Thursday, July 8, 2010

为什么让我看见你(why let me see you)

why let me see you
when i see you i go anywhere also miss you
i think you don't noe
i think so you also forget me already
if the time can return i won't go that again to you
however i miss you you won't know
i hate to see you
never see you then nothing will happen
我想你了
你呢
应该没有把
在你心里我不存在了吧
但是在我心里你永远存在的
就栓我爱其他人你还是永远在我心里
那天看见你我的心很痛很痛
因为你变了和以前不一样了
以前的你会有笑容的
但现在的你好像没有了
你好像很痛苦的感觉
如果时间可以重来我不会让你放开我的手
但已经是没有的改变了
就算我有男朋友我的心还是有你的
但我现在不想有男朋友

Tuesday, April 27, 2010

Today i'm very happy!!!

Yesterday sunway photo
Today I'm Very Happy!!!

I'm happy cause today is my birth

Yesterday i go sunway with my friend so happy

We go ice skating

Thanks 4 u all cause celebrate my birth with me

U all 4 is my 4ever friend

That 4 friend is Kiddo,Sharon Tan,Jia Hong and Hua

Thanks also to all my friend that wish me happy birthday

Today i will celebrate my birth with my parents

谢谢你们陪我过生日哦

你们是我永远最好的朋友

还有谢谢祝我生日的朋友

我爱你们哦


Tuesday, September 29, 2009

No mood in skul

No mood in skul
Today at school very boring at class and rest time also same
Cause today many people never come to school
Today i just dunnoe my heart fly go where already no in school also
Today very boring class is science
The most boring class is bm teacher just keeping talking same things very boring
Today the class is also very quiet no noisy
When bi time only they noisy and talk
School also boring at home also boring
I really i dunnoe what i going do with my life
When at school fill sleepy at home just play computer
I also dunnoe i still got what not yet do
My heart just full with something and my mind also
But i must keep my promise hard i must study hard and get good result in my exam
I must keep my promise so i must study hard

Friday, September 25, 2009

I hate my mum

I hate my mum
i hate my mum cause every time make me very hate her
i dunnoe why other people mum not like that but my mum like that
she also like to scold people if not my dad i already run away
all people say mum is the good people in the world but i dun think so
i think my dad is the best in my life i love my dad
i hate my mum very much she always call me i dislike things
i won got one day is really good with her but dad got
i always say my bad things to my dad but my dad won scold mehe will tell me how to do
i hope my mum one day will change her bad thinhs to good things
this world i think i will just hate my mum
i hope my mum really will change to become my dad i really hope
i hope the god will help me i dunnot want to hate my mum
please!please!

Saturday, September 5, 2009

Love

Love
On 03/03/2009 i start with my life with full love, happiness and peace...I can start my love with one boy that i love him and he love me...just yesterday we sms each other until 3 something he never play guitar he just sms with me...when he work also he say he want to see me if know he no mood to work....i fill so happy...he keep asking me is me really love him...i say if you not believe me why you still want love me...he say dun angry and sorry baby...he say i am his first girlfriend and the last one in his life...i do not say anything cause i know all boy won say true but i just believe him cause i love him so must believe him...我爱你生仔。。。我懂爱情不会游泳就得可是陈静有过就好了。。。我爱你生仔。。

Friday, August 14, 2009

No go skul day!!!

Never miss u also for never call u so many day!!
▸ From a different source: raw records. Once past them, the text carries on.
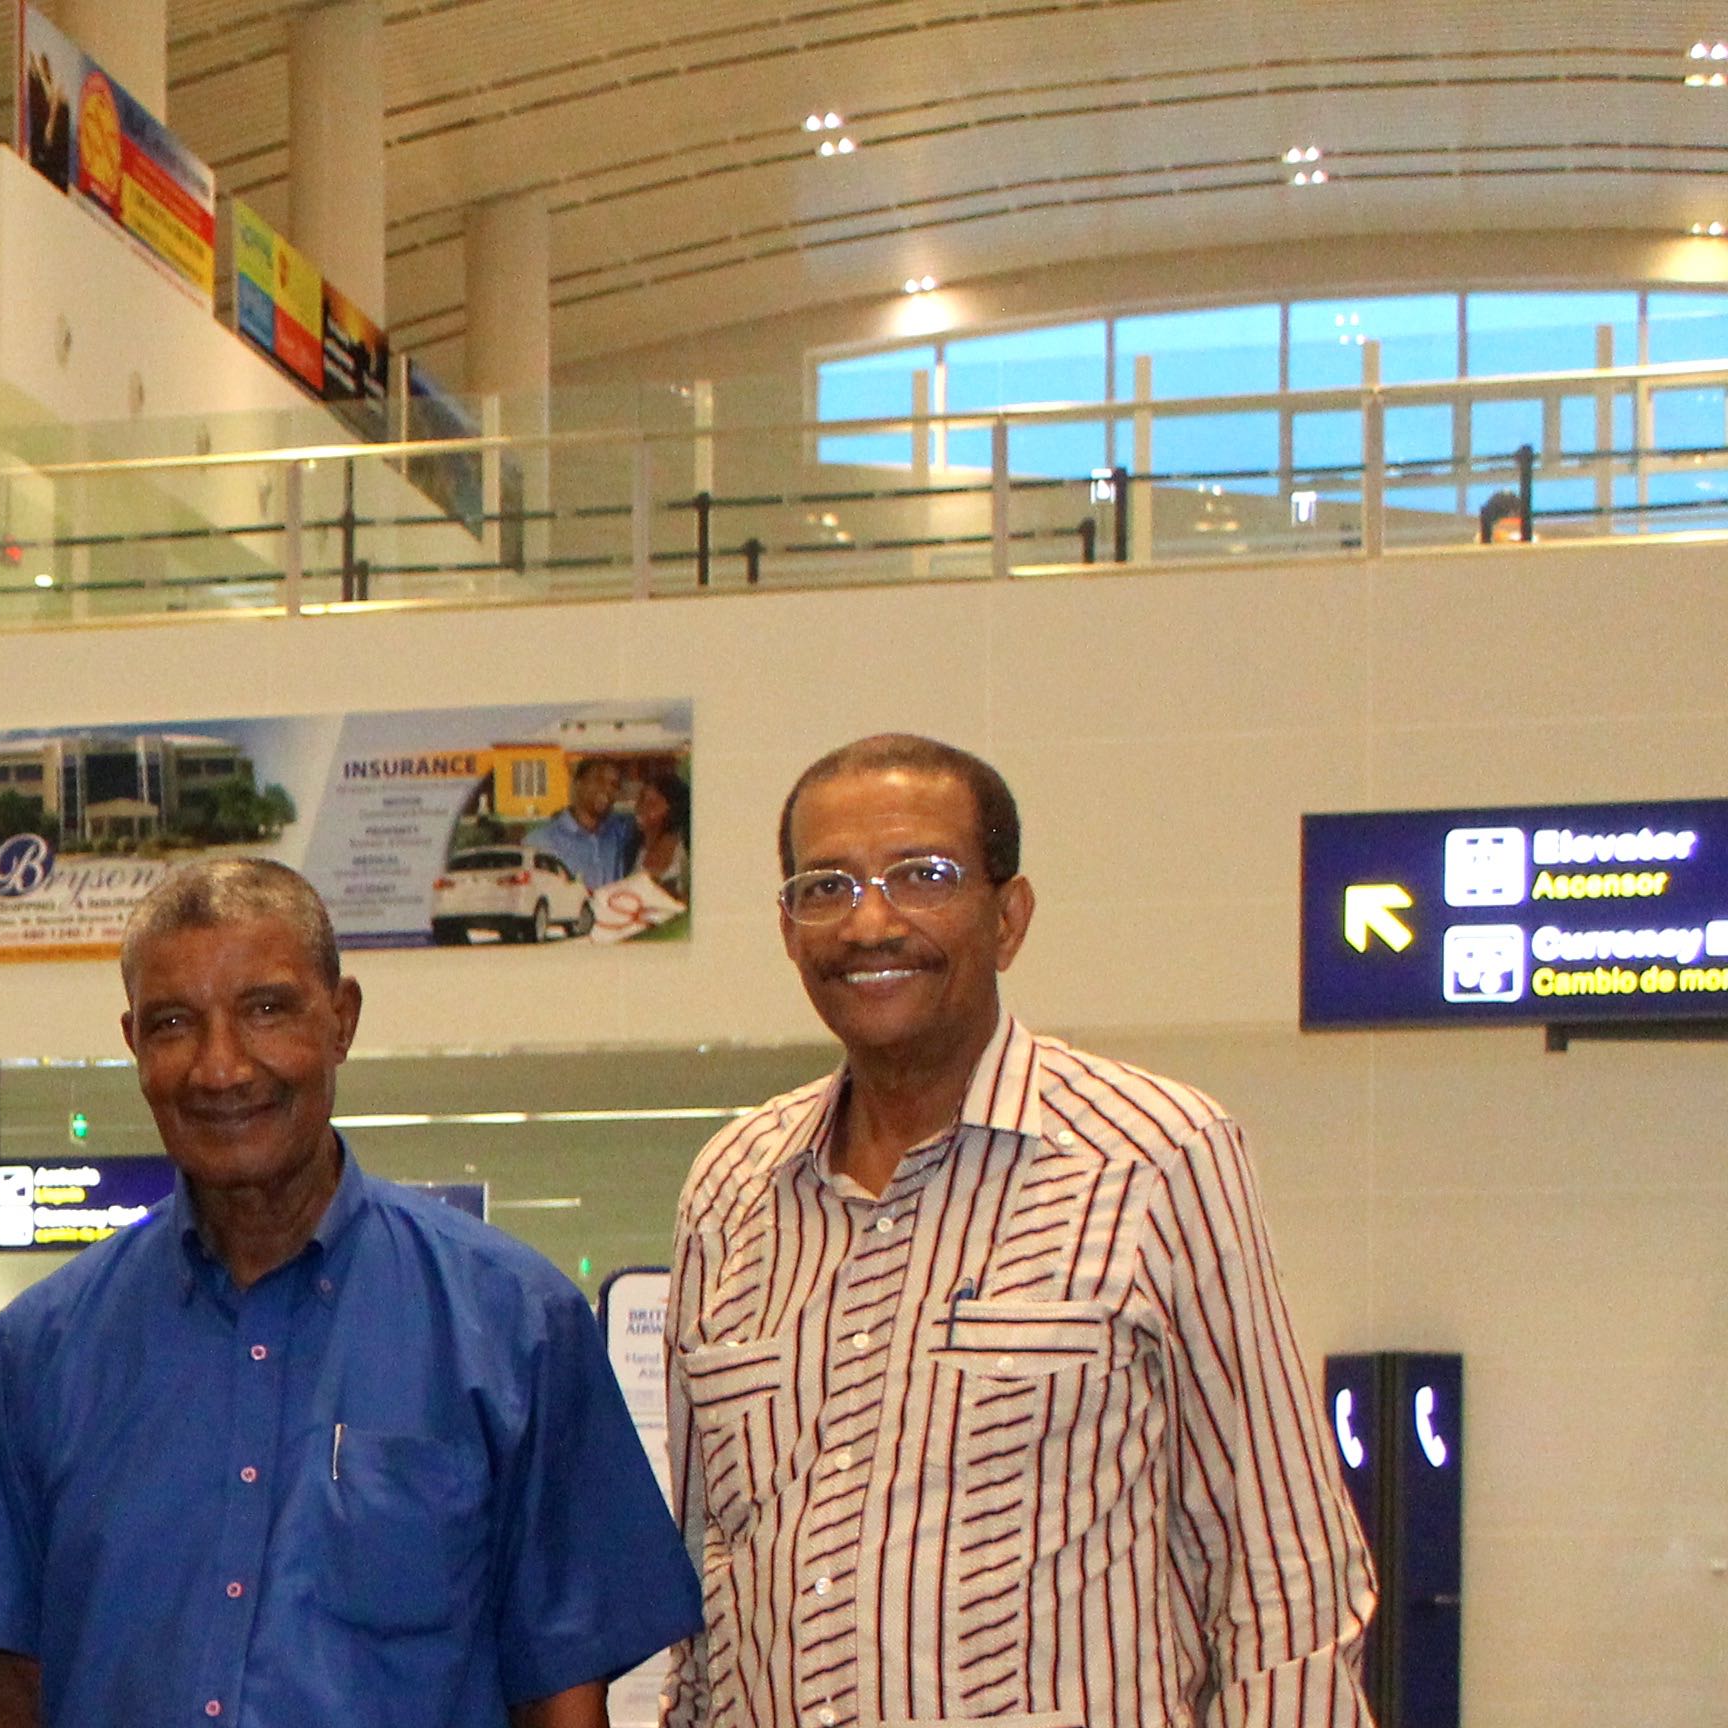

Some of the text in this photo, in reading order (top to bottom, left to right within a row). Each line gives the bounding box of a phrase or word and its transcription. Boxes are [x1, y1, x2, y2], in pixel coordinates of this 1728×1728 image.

[344, 754, 477, 780] INSURANCE
[1533, 827, 1697, 864] Elevator
[1531, 871, 1669, 900] Ascensor
[1531, 925, 1704, 965] Currency
[1531, 966, 1639, 996] Cambio
[1639, 965, 1678, 994] de
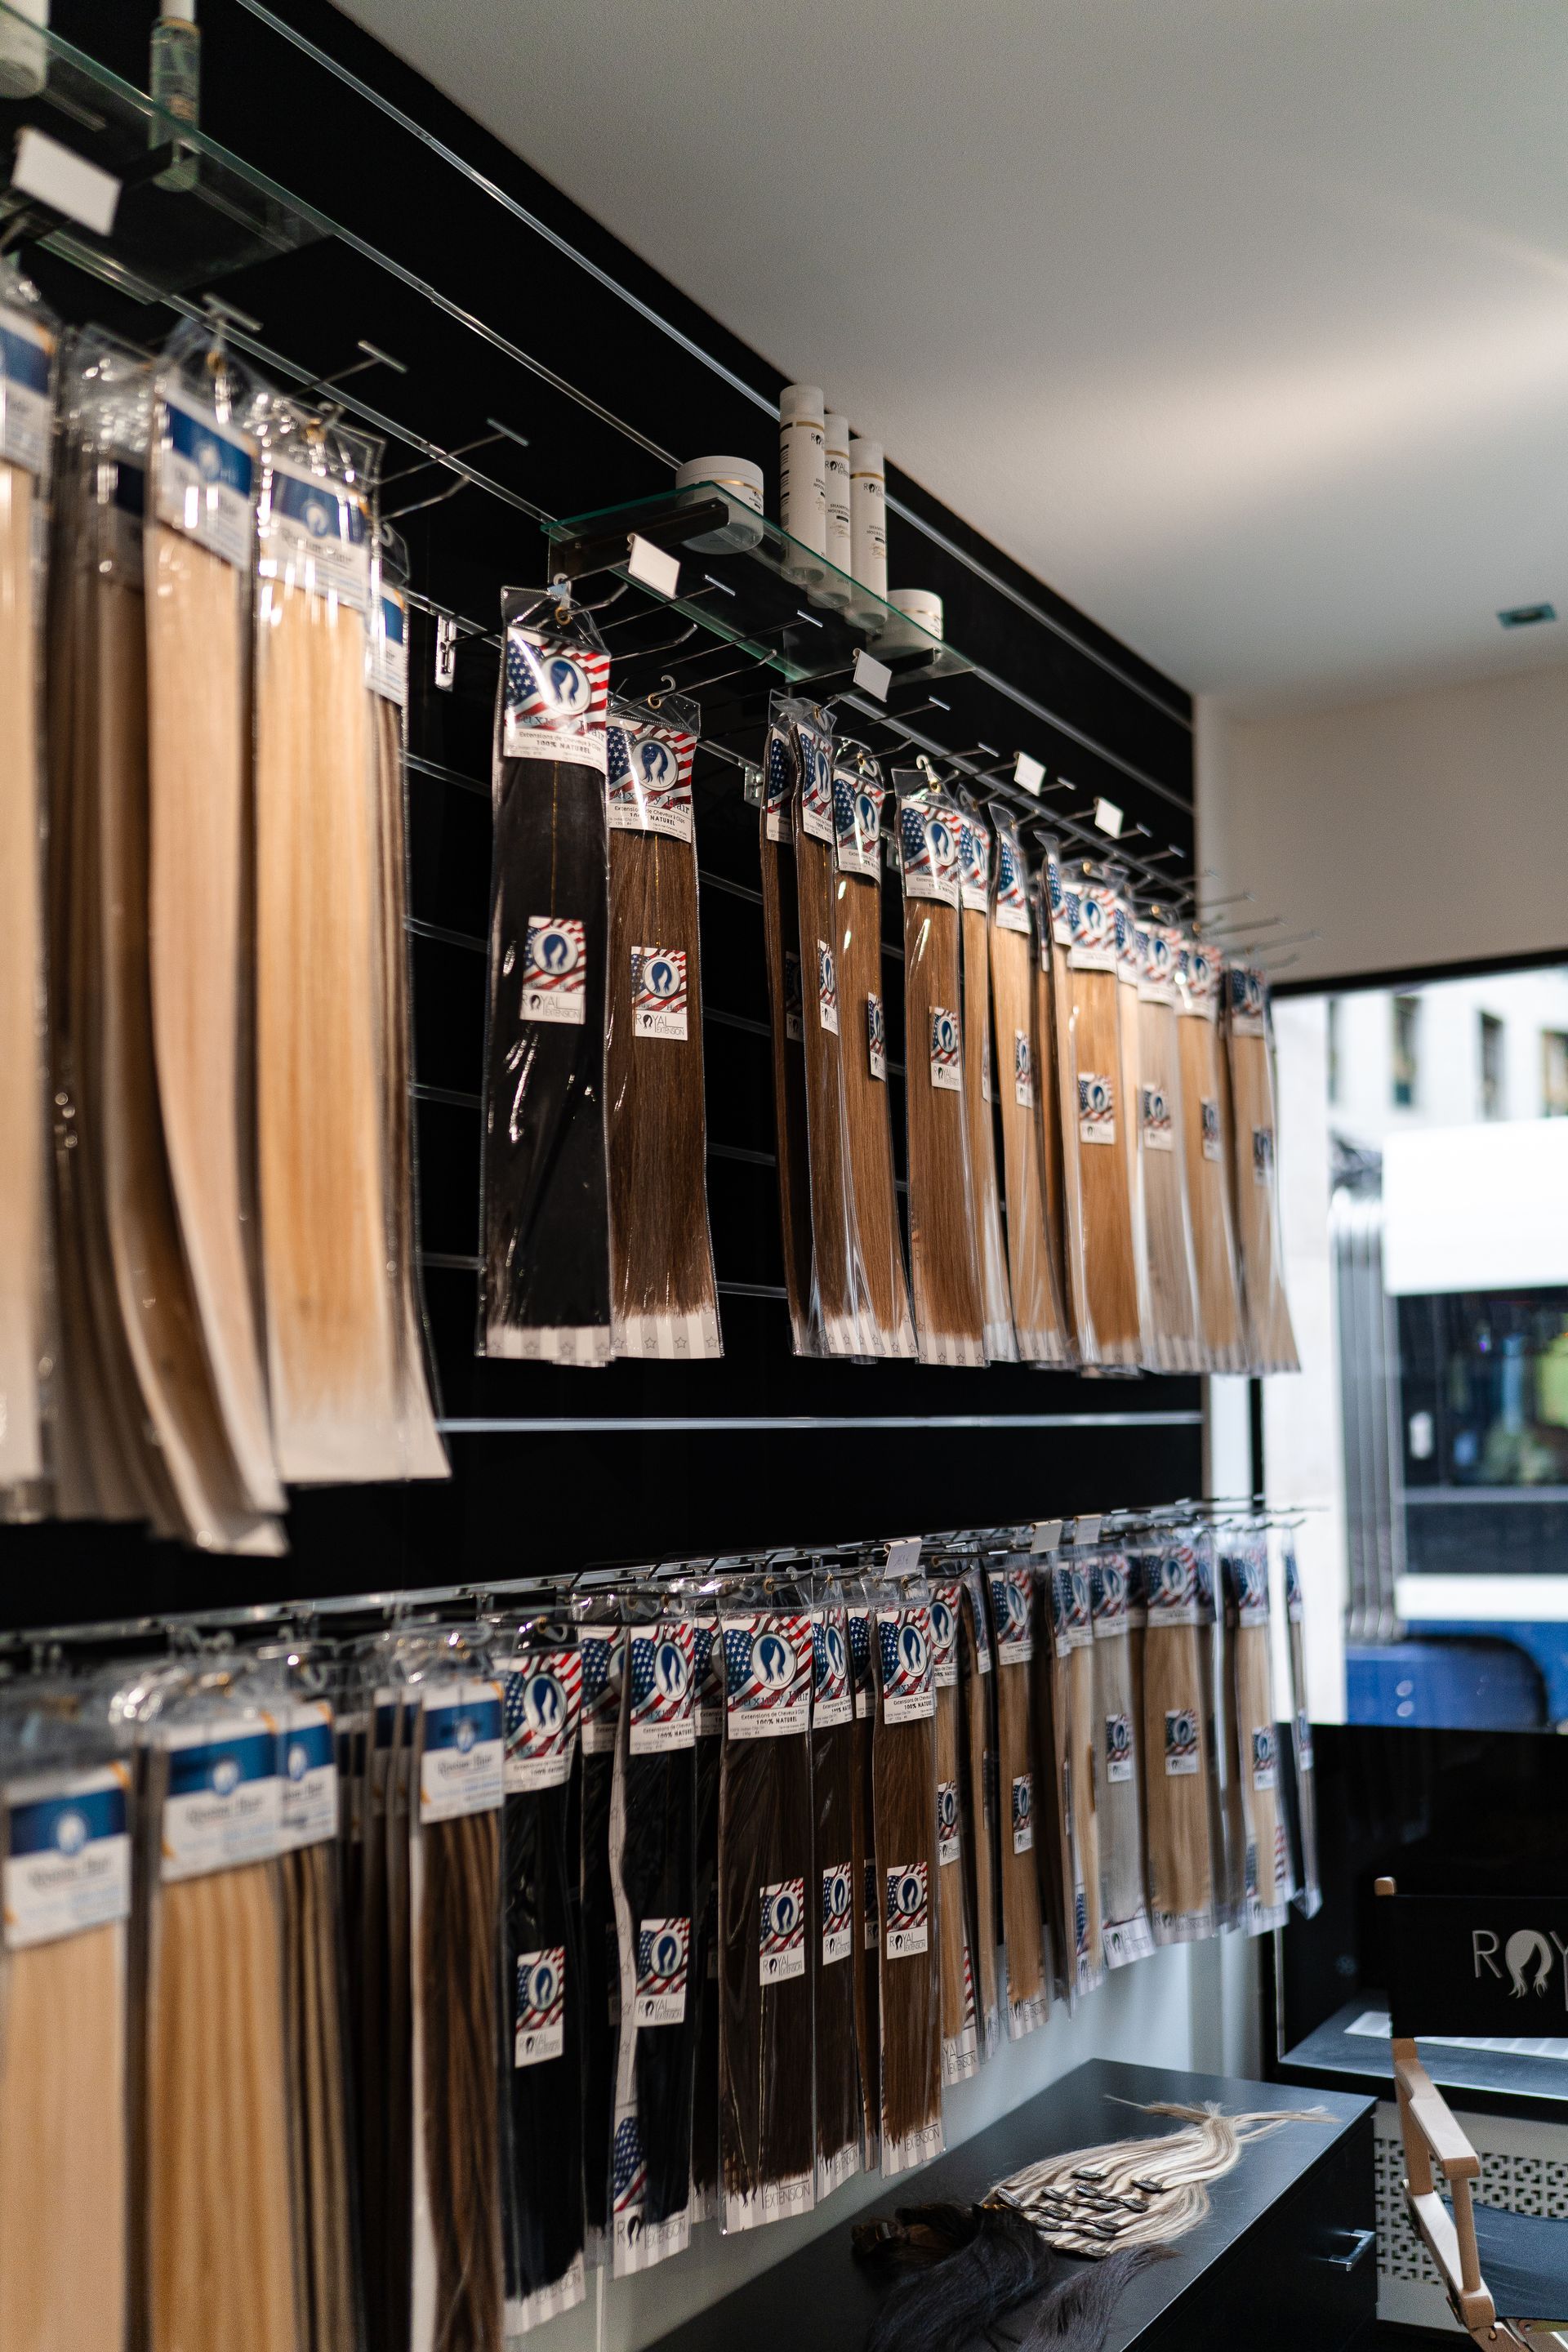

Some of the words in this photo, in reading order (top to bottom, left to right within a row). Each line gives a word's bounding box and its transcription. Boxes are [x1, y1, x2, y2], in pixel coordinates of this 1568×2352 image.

[519, 732, 554, 741] Extensions
[537, 740, 557, 748] 100%
[559, 743, 591, 755] NATUREL
[613, 791, 662, 805] Luxry
[666, 795, 690, 815] Hair
[650, 815, 675, 826] NATUREL
[653, 811, 673, 820] Cheveux
[523, 994, 581, 1015] ROYAL
[635, 1014, 684, 1032] ROYAL
[657, 1027, 684, 1036] EXTENSION
[886, 1682, 923, 1694] Luxury
[731, 1695, 785, 1708] Luxury
[788, 1690, 808, 1703] Hair
[893, 1698, 914, 1706] Extensions
[741, 1712, 770, 1720] Extensions
[777, 1709, 795, 1717] Cheveux
[776, 1716, 797, 1724] NATUREL
[657, 1731, 672, 1739] 100%
[825, 1936, 850, 1955] ROYAL
[889, 1932, 925, 1952] ROYAL
[905, 1942, 926, 1952] EXTENSION
[763, 1955, 803, 1976] ROYAL
[638, 1998, 682, 2020] ROYAL
[949, 2053, 976, 2074] EXTENSION
[906, 2126, 940, 2151] EXTENSION
[764, 2184, 810, 2210] EXTENSION
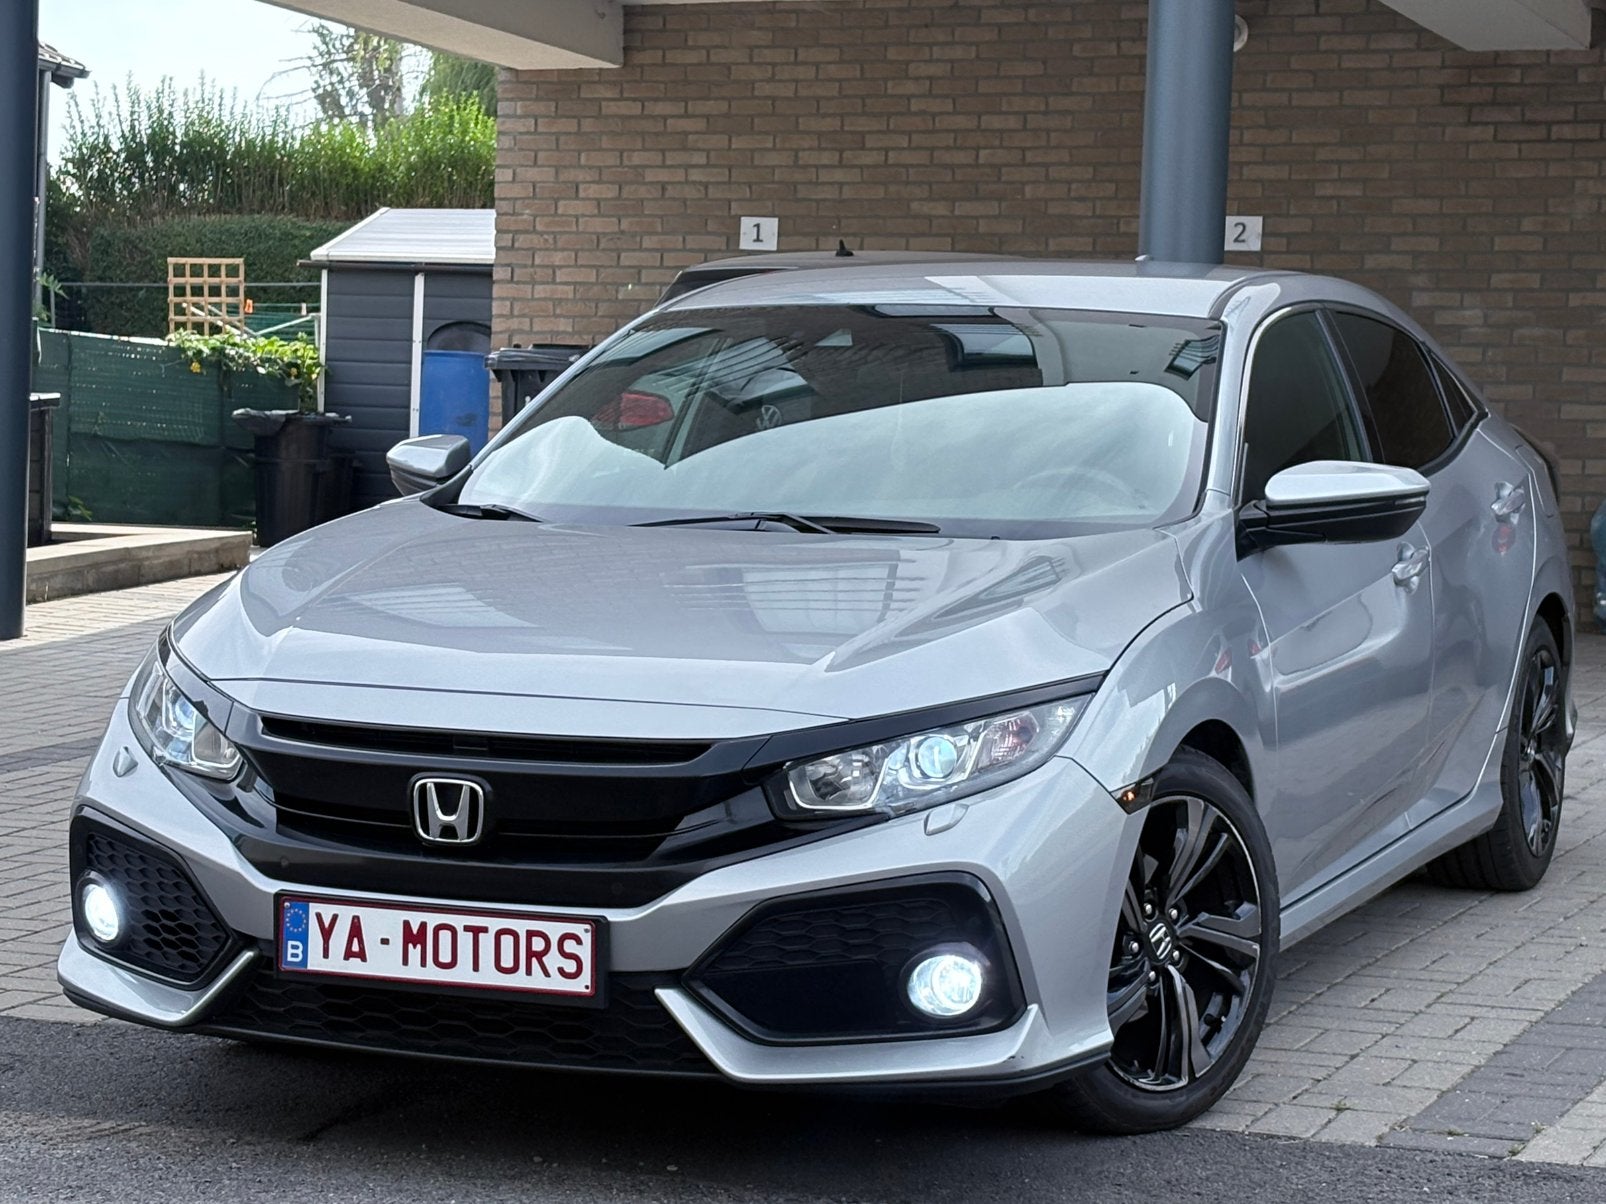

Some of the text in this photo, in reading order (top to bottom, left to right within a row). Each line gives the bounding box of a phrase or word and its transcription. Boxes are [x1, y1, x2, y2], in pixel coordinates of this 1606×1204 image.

I ask myself why never see u and call u why i never miss u also...when i never go to skul also never miss you i just miss my friend at skul...why i become like that already i ask and ask myself...is me really no miss and love you anymore...if like that my heart also not feel you then i also cannot say anything more...i hope u can forget me by now...i won call u anymore and also not reply ur sms and answer ur call anymore...i hope god will help me do all this that won let u miss me and just forget me by now...then i will fill happy and not like disturb my life anymore and ur life also...i dun think so i need to tell u all this i think u will know urself...i will let u fly away from my life...i hope u can go true ur life happy without me...i hope u and me will happy without each other...stop over love at here...

Saturday, August 8, 2009

I dunnoe is me really love him now

Dunnoe is true love him mah!!!

You noe why cause i like love others people i never see him also nevermind de...who can tell me what can i do...i broke with him before then i back with him i become like just nothing he do wat i also never care about him de i also no miss him whe never see him...my heart like no him ready just like he is my friend only...i also dunnoe why become like that i hope god will help me...when i at anywhere also no miss him de...like nothing only nothing feel in my heart...please help me...but he very love me if u tell me to broke with him i dunnoe how to say to him i scare i heart him ....he like not important to me i also dunnoe why...whatever i will try my best to not herat him....我是真的不爱他了吗?我也不懂我在想什么?我真的可以没有他吗?我真的不想再想了我很烦恼哦。。。。谁可以和我说我要怎样做呢?